Give back an exact copy of the entries beneath, minus the pictures.

(Data extract)

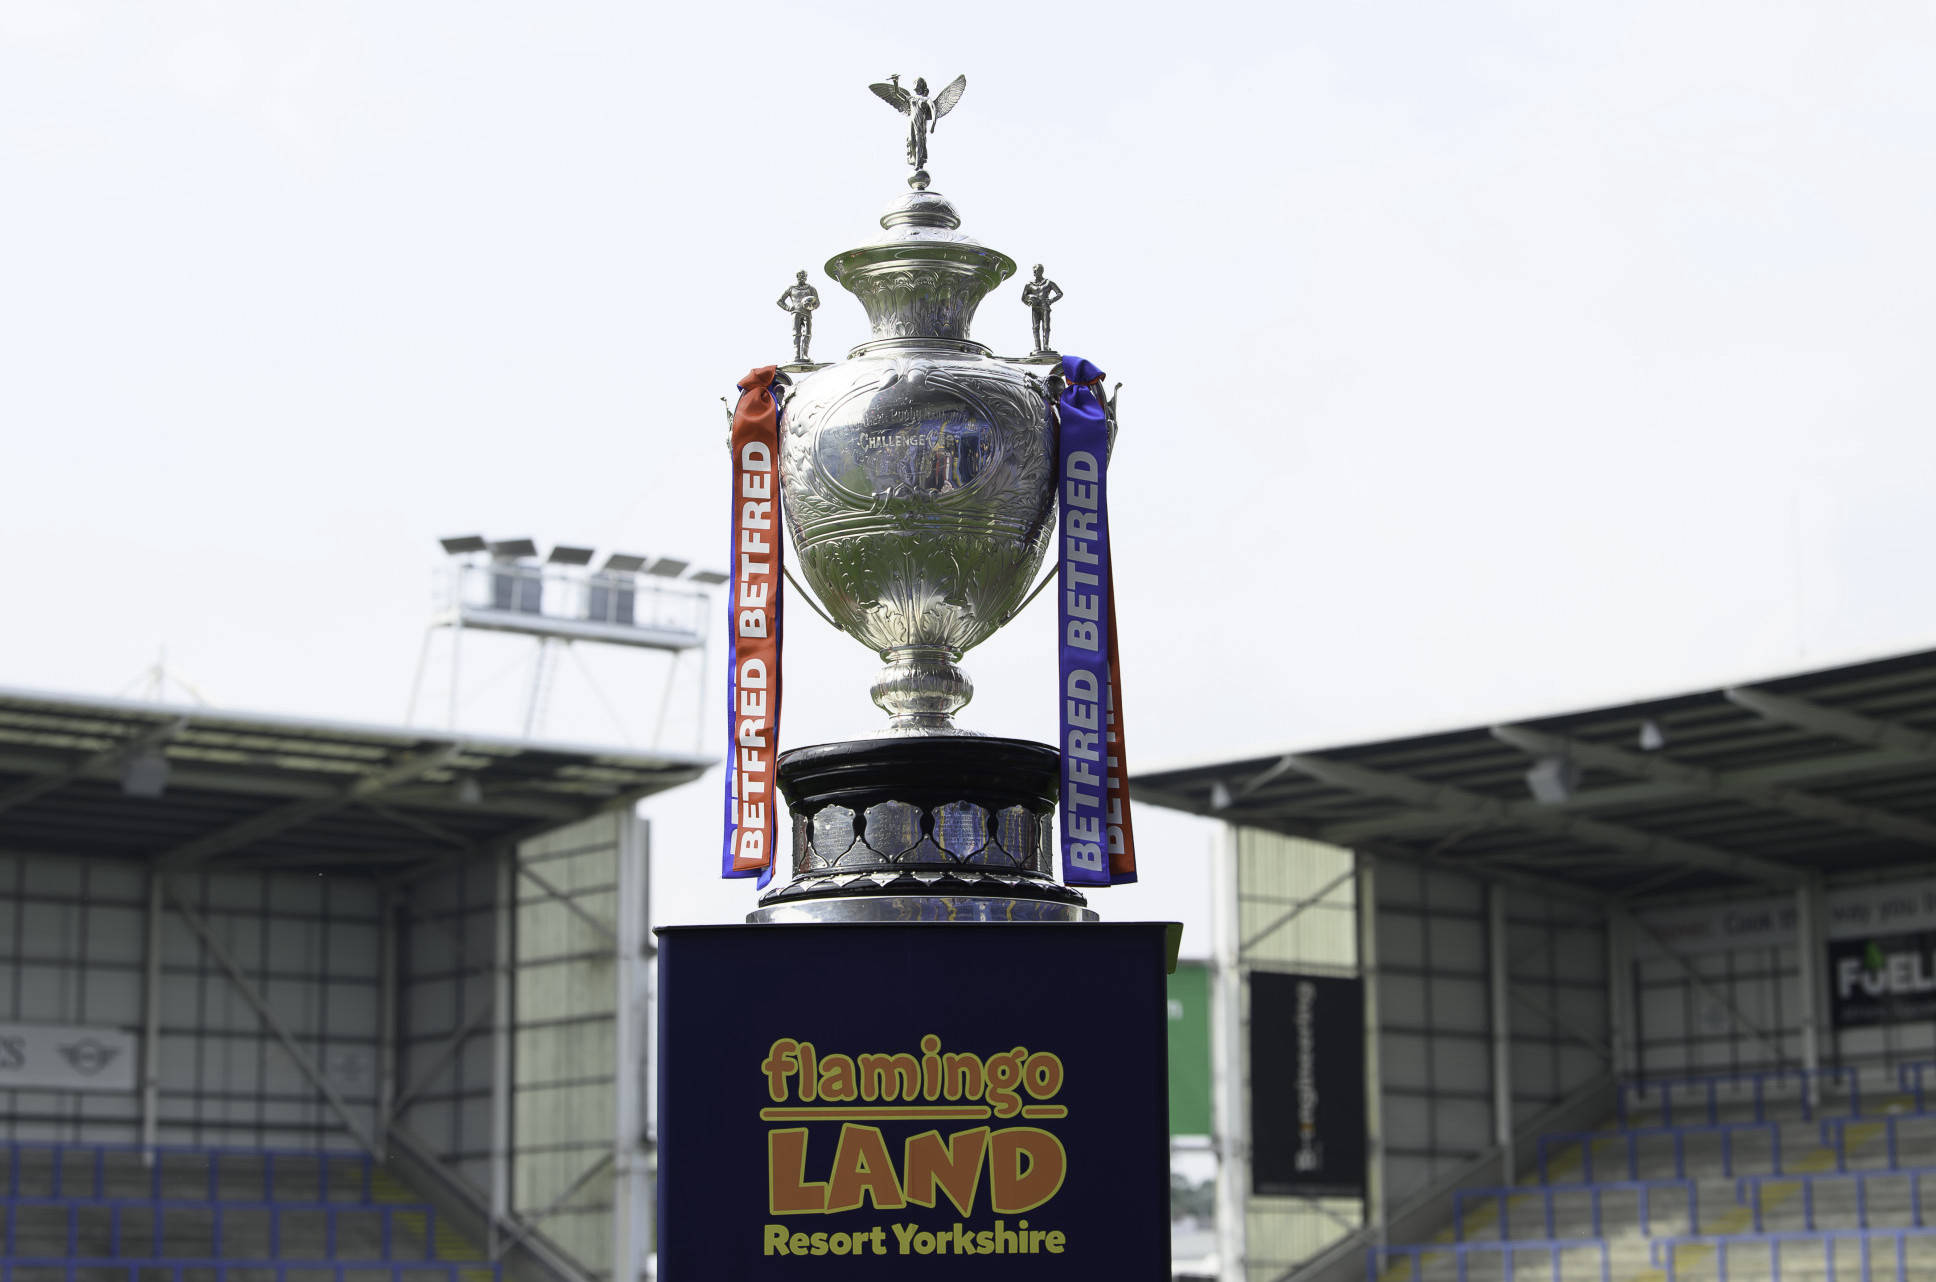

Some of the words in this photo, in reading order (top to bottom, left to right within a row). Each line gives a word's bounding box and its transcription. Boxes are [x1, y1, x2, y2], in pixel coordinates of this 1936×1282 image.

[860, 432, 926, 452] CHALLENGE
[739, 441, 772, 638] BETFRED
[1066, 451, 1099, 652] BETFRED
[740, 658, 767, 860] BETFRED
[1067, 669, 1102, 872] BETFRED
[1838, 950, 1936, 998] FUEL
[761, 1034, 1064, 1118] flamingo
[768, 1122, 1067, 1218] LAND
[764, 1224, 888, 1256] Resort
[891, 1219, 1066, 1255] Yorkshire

(End Data extract)

» Response box
Some of the words in this photo, in reading order (top to bottom, left to right within a row). Each line gives a word's bounding box and its transcription. Boxes are [x1, y1, x2, y2], in pixel coordinates of this 1936×1282 image.

[860, 432, 926, 452] CHALLENGE
[739, 441, 772, 638] BETFRED
[1066, 451, 1099, 652] BETFRED
[740, 658, 767, 860] BETFRED
[1067, 669, 1102, 872] BETFRED
[1838, 950, 1936, 998] FUEL
[761, 1034, 1064, 1118] flamingo
[768, 1122, 1067, 1218] LAND
[764, 1224, 888, 1256] Resort
[891, 1219, 1066, 1255] Yorkshire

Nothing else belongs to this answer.